Logicamente se il business model non funziona, l’offerta non è congrua, il flusso d’acquisto è mal studiato, l’esperienza utente è deludente o le recensioni online sono pessime, il SEO non può fare molto più di assicurare le visite. Anche in questo caso però entra in gioco la professionalità della squadra: il compito di un team SEO è anche quello di monitorare ed evidenziare tutte le problematiche connesse alla conversione ed alla qualità del traffico. Da tempo, l’attività di search engine optimization non si riduce a escogitare mezzi o trucchetti, ma si fonda su piani, analisi, contenuti e competenze a 360°.
Cosa vuol dire “traffico utile”?
Intercettare visite resta, naturalmente, il prius logico del nostro lavoro: una buona attività SEO garantisce una vetrina sulla Fifth Avenue e assicura migliaia, se non milioni, di visite interessate ogni anno, 365 giorni l’anno.
Ma, per passare da traffico a traffico utile, serve uno step ulteriore.
La domanda che l’azienda deve porsi è: Il traffico “converte”, ovvero porta valore (in termini di lead generation, contratti, opportunità concrete o awareness)?
In altre parole, l’utente che arriva dalle SERP (le pagine dei motori di ricerca) fa l’azione che dovrebbe fare secondo il mio piano di misurazione (es. clicca sul banner, acquista, passa abbastanza tempo sul mio contenuto o fa l’azione richiesta dopo aver letto il contenuto)?
Se l’utente non fa quello che vorrei facesse, il traffico non è utile ed anche il mio posizionamento, oltre che essere infruttuoso, è a rischio. Poiché Google ha a disposizione milioni di opportunità per conoscere il comportamento degli utenti online, una scarsa interazione col contenuto non è certo un buon segnale di ranking.
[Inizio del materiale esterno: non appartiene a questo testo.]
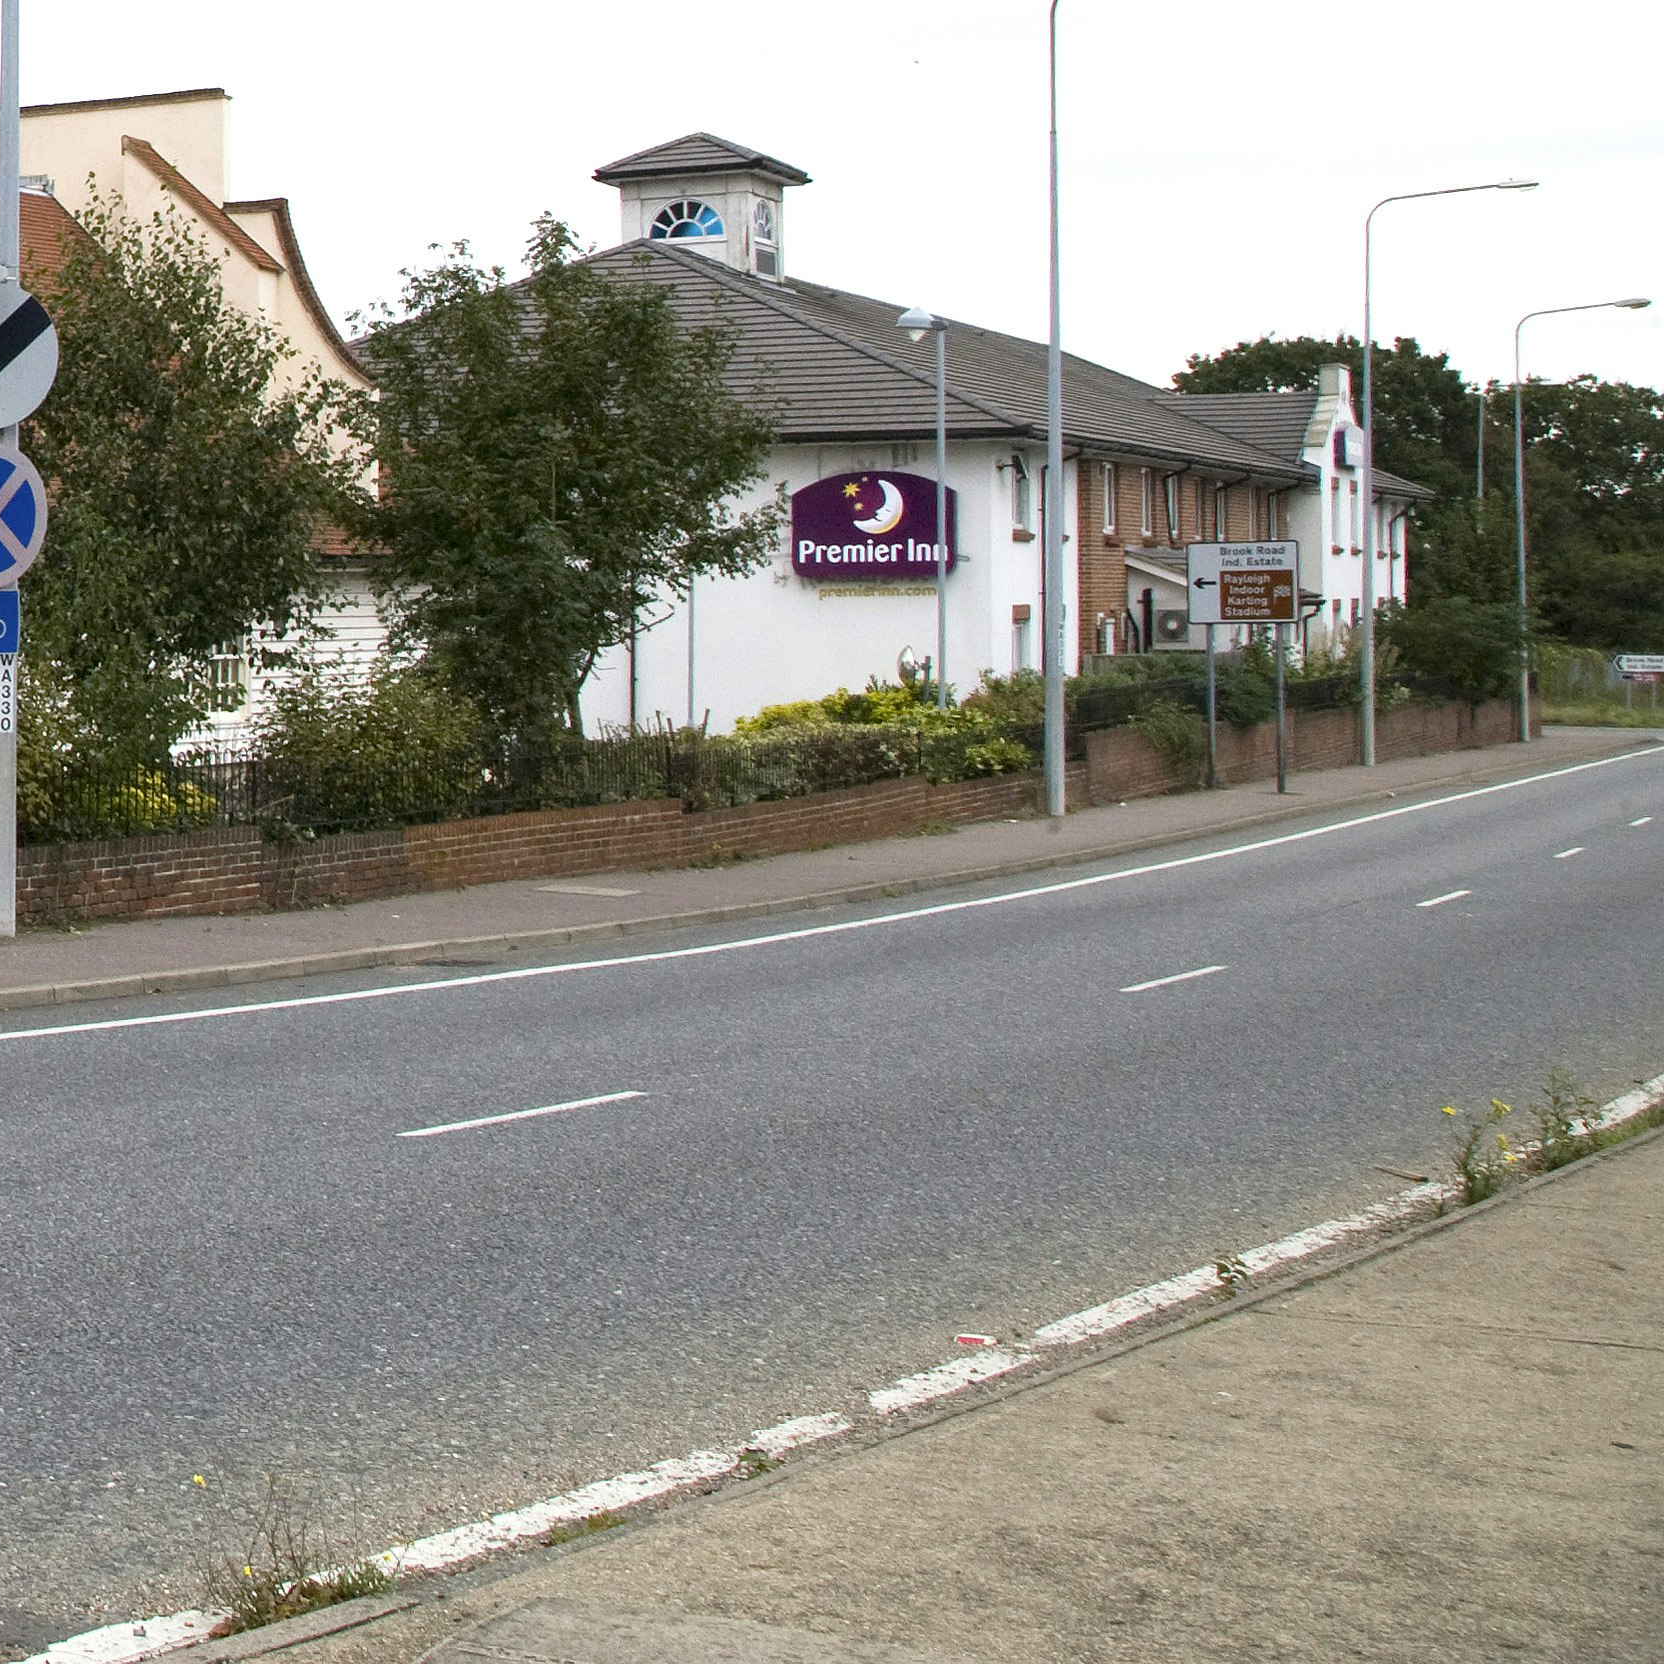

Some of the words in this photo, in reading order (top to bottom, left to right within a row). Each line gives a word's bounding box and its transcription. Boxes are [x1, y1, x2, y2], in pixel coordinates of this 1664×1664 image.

[798, 539, 903, 563] Premier
[907, 538, 948, 562] Inn
[1219, 546, 1253, 556] Brook
[1256, 545, 1286, 555] Road
[1247, 557, 1283, 566] Estate
[1224, 574, 1271, 585] Rayleigh
[1229, 585, 1266, 595] Indoor
[1227, 596, 1268, 606] Karting
[1224, 606, 1271, 617] Stadium
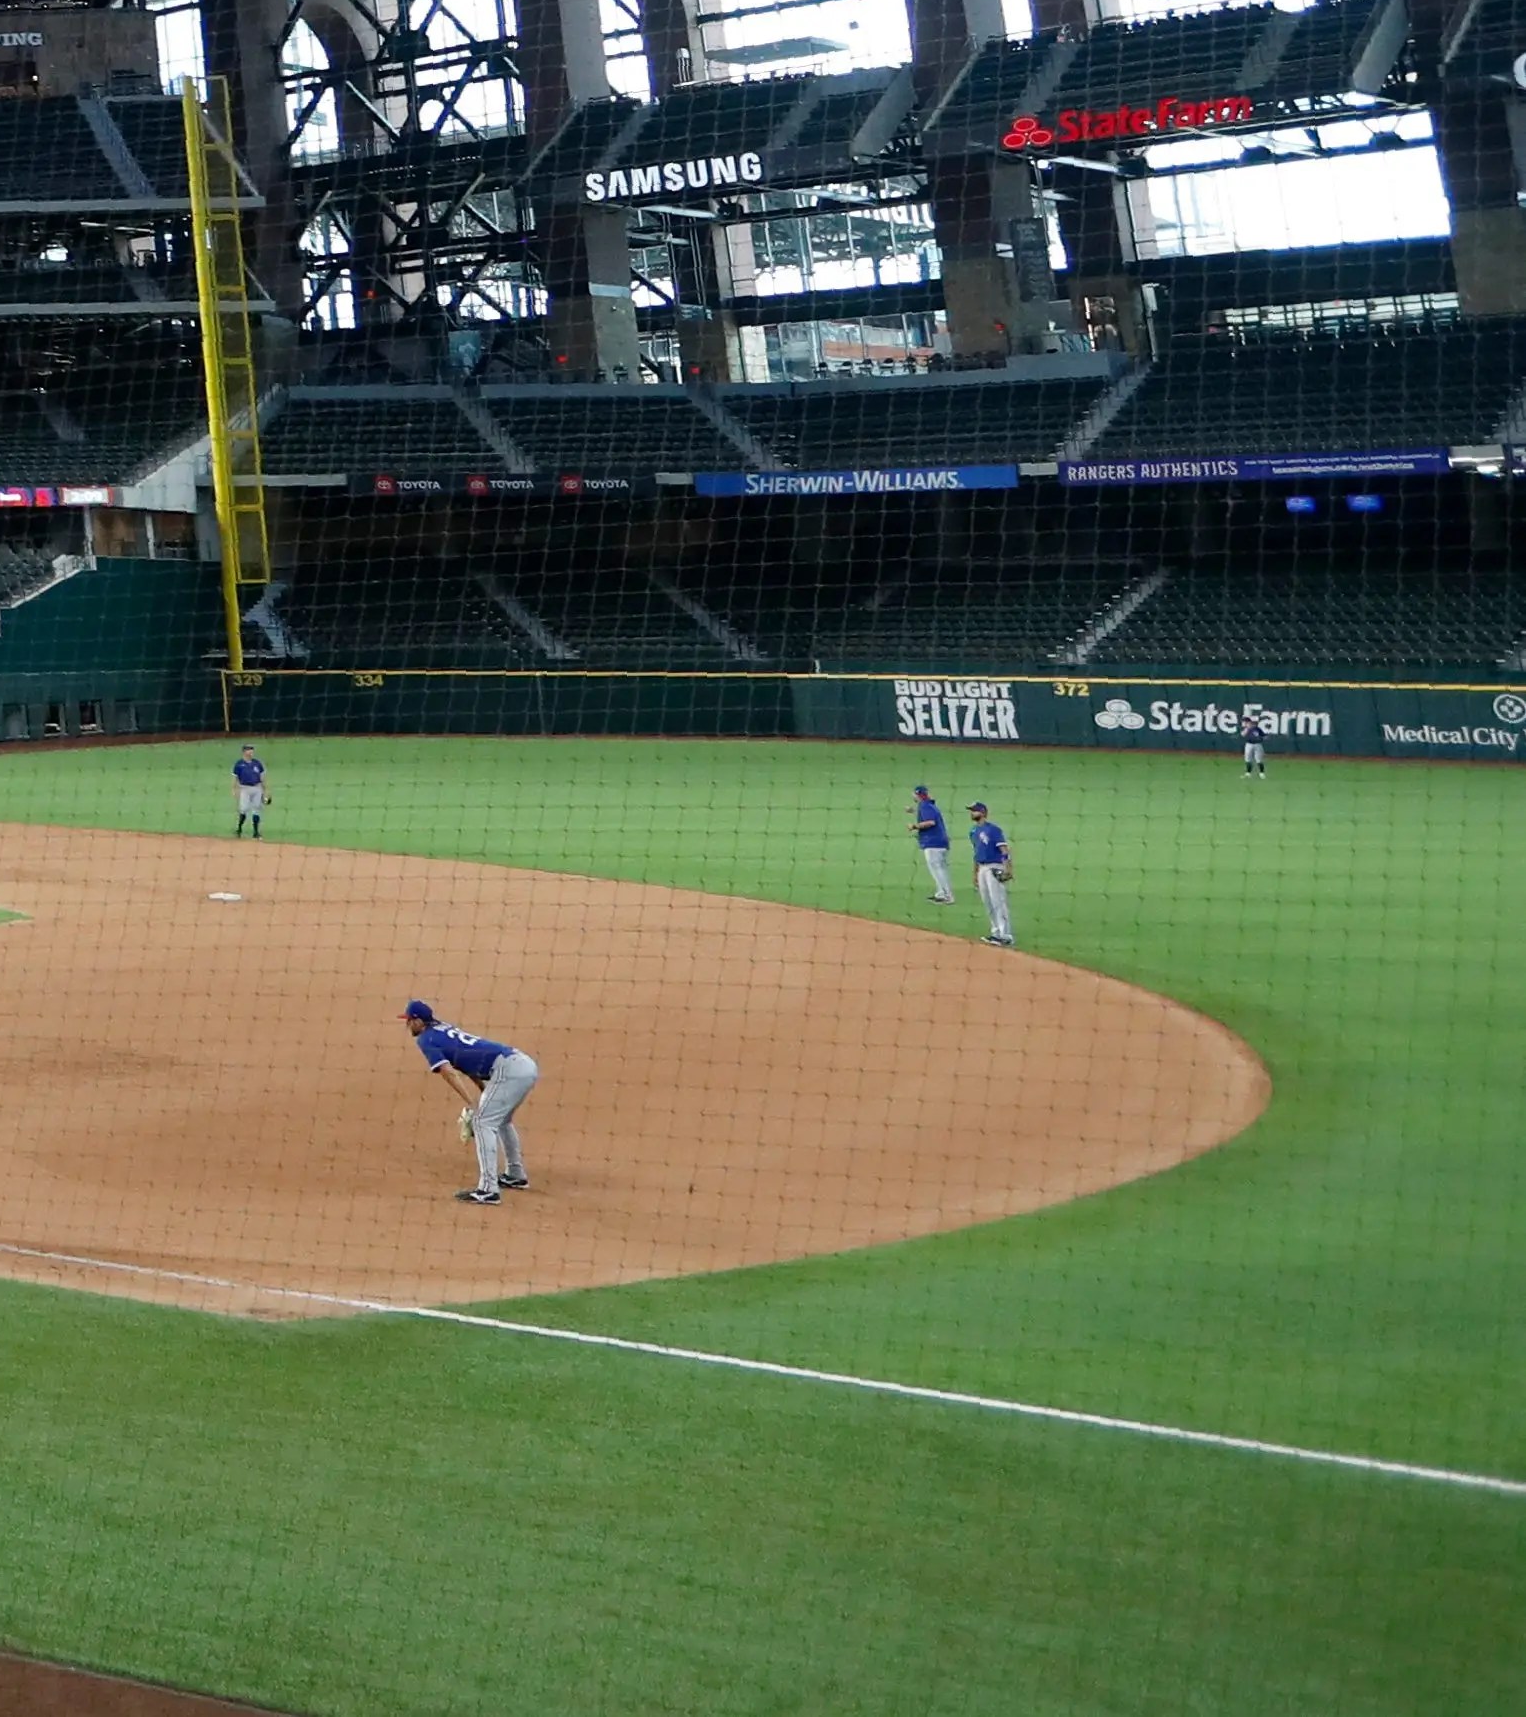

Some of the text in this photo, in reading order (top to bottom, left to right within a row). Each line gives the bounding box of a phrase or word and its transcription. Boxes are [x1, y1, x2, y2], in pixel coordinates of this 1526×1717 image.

[1057, 95, 1251, 143] State Farm
[585, 152, 763, 202] SAMSUNG
[1068, 461, 1239, 481] RANGERS AUTHENTICS
[397, 479, 441, 491] TOYOTA
[490, 479, 534, 491] TOYOTA
[584, 478, 629, 490] TOYOTA
[894, 679, 1012, 699] BUD LIGHT
[1054, 682, 1090, 698] 372
[896, 696, 1020, 740] SELTZER
[1149, 700, 1331, 736] State Farm
[1382, 724, 1519, 752] Medical City
Le cause che portano all’insuccesso della strategia SEO possono essere:
- un posizionamento per keyword e topic non interessanti per l’ attività;
- pagine di atterraggio scadenti. In questo caso la responsabilità potrebbe attribuirsi ad un problema di design dell'esperienza utente e/o di copywriting persuasivo. È, quindi, importante ricordare che la grafica, il layout, i tempi di caricamento, il copy, le immagini e le call-to-action giocano un ruolo importantissimo per il tasso di conversione.
Per semplificare: mi capita spessissimo di vedere contenuti che attraggono centinaia di migliaia di visitatori l’anno (alcuni milioni) per parole chiave e concetti semantici in target con il business che non “monetizzano” a sufficienza le opportunità create.
Ecco quelli che sono gli errori più comuni:
- blog post ottimamente posizionati e rispondenti a specifici intenti di ricerca che non rinviano alla pagine dell’e-commerce o al modulo di vendita online;
- pagine prodotto dell’e-commerce in cui è resa difficile l’esperienza di acquisto;
- landing di lead generation in cui non sono presenti call to action chiare e specifiche;
- mancanza di form per richiedere la mail o form che richiedono troppe informazioni;
- landing di servizi ed attività professionali che non richiedono neanche il rilascio della mail.
Come estrarre valore dal posizionamento
Per fare del ranking sulle SERP il migliore alleato del brand occorre fare uno step ulteriore. Questo passaggio successivo è in carico all’azienda che deve comprendere e sfruttare al meglio il valore della SEO.
Concludiamo questa riflessione fornendo alcuni spunti sulle principali domande che manager ed imprenditori devono porsi per generare valore dal posizionamento organico acquisito:
- c’è un modo per convertire meglio il traffico rispetto a quanto stiamo facendo?
- può una chatbot o l’inserimento di un recapito Whatsapp o Telegram o un numero telefonico aiutare a convertire di più?
- posso cercare di indirizzare il mio traffico su altre sezioni del mio business digitale?
- posso creare più lead con quello che ho a disposizione?
- posso ideare dei sistemi o meccanismi che mi aiutino a riportare le visite provenienti dalle SERP più e più volte sul mio sito, indipendentemente da una nuova ricerca?